With the proposed budget cuts having a disproportionate impact on the already marginalized of Calgary it is hard to have any trust in this Council. My perception of the city I love is definitely waning. I am not convinced the city I have moved back to is the same city I love. I am starting to realize that my door of perception has opened into a city I no longer recognize and that I may be clinging to a memory out of a need to love.

Today, being Monday, I tuned into the live stream of the Council meeting and right out of the chute (organizing the meeting agenda) the Ward 4 representative, Sean Chu, opening remarks challenged the level of trust with Council. He raised his concern of “leaked” information to the press by an unspecified member of Council. Mr. Chu made it very clear it was his belief that this information was leaked by someone interested in running for Mayor in the next municipal election.
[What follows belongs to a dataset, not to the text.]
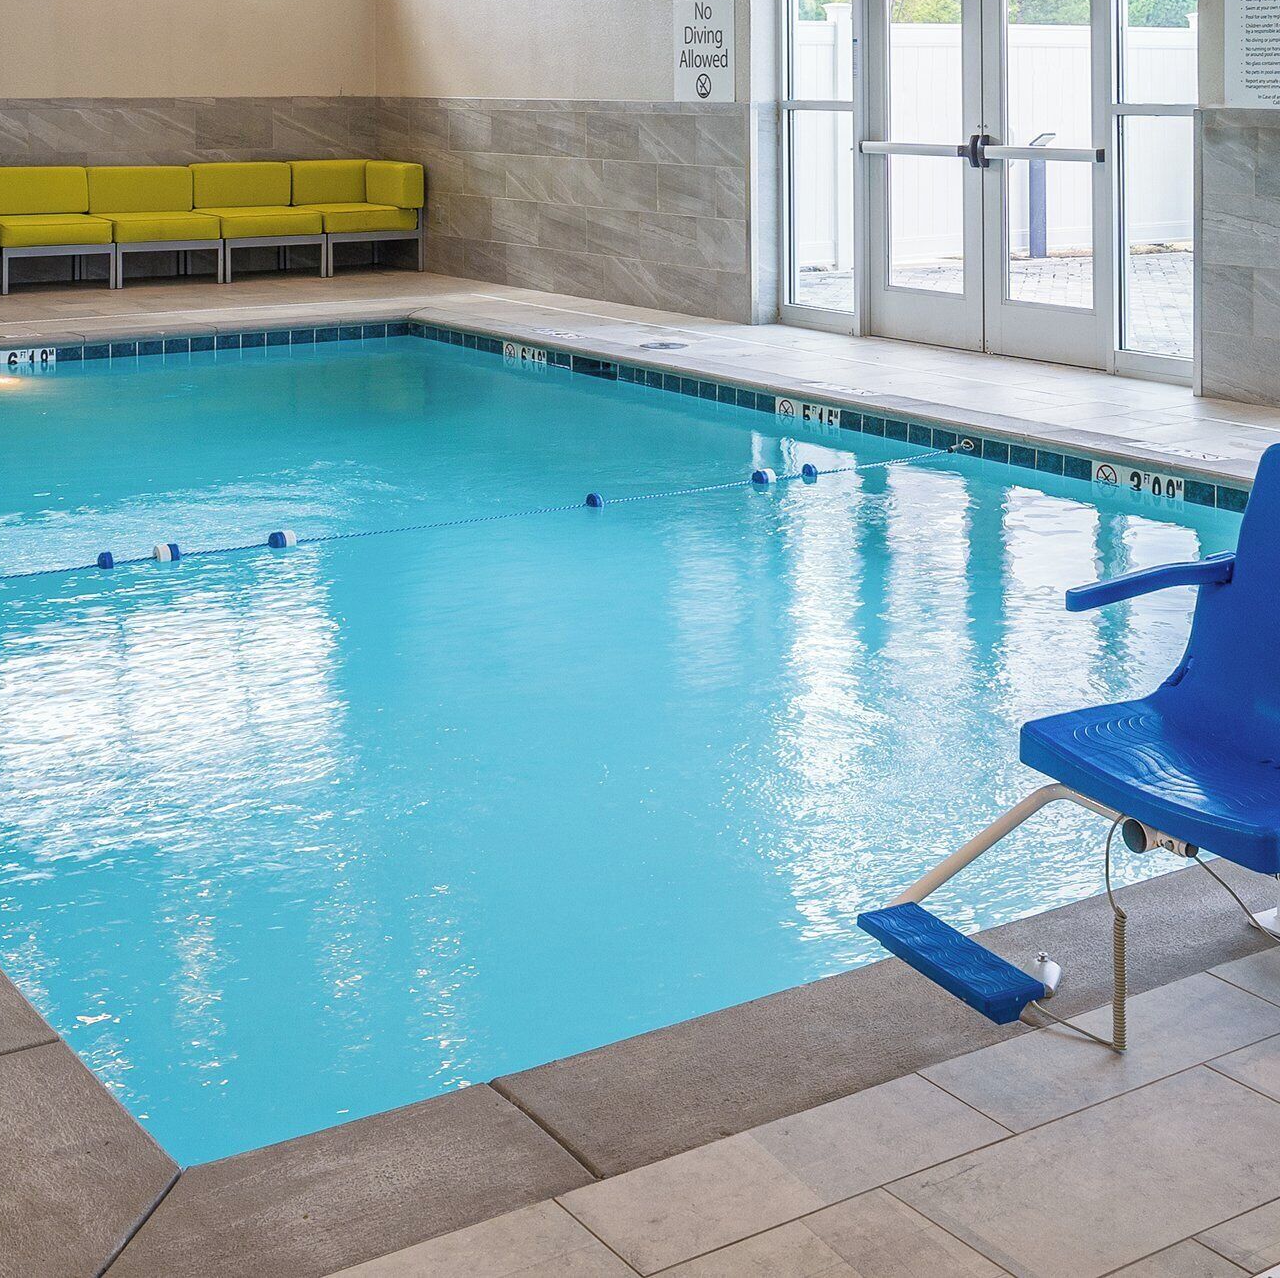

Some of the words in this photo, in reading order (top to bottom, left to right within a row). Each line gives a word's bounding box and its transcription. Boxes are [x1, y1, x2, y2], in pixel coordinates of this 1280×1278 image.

If this new “fractured” Calgary is what has become of the City I grew up in then I have to re-evaluate my own belief system. When you can no longer trust your perception of what you believed to be a “community” you understand why love and commitment is fragile. In fact in todays society you begin to doubt if “love and commitment” is even a factor in this new world of politics. No budget cuts in the world justify further denigration of those already marginalized that the @KeepCalgaryStr1 speak for.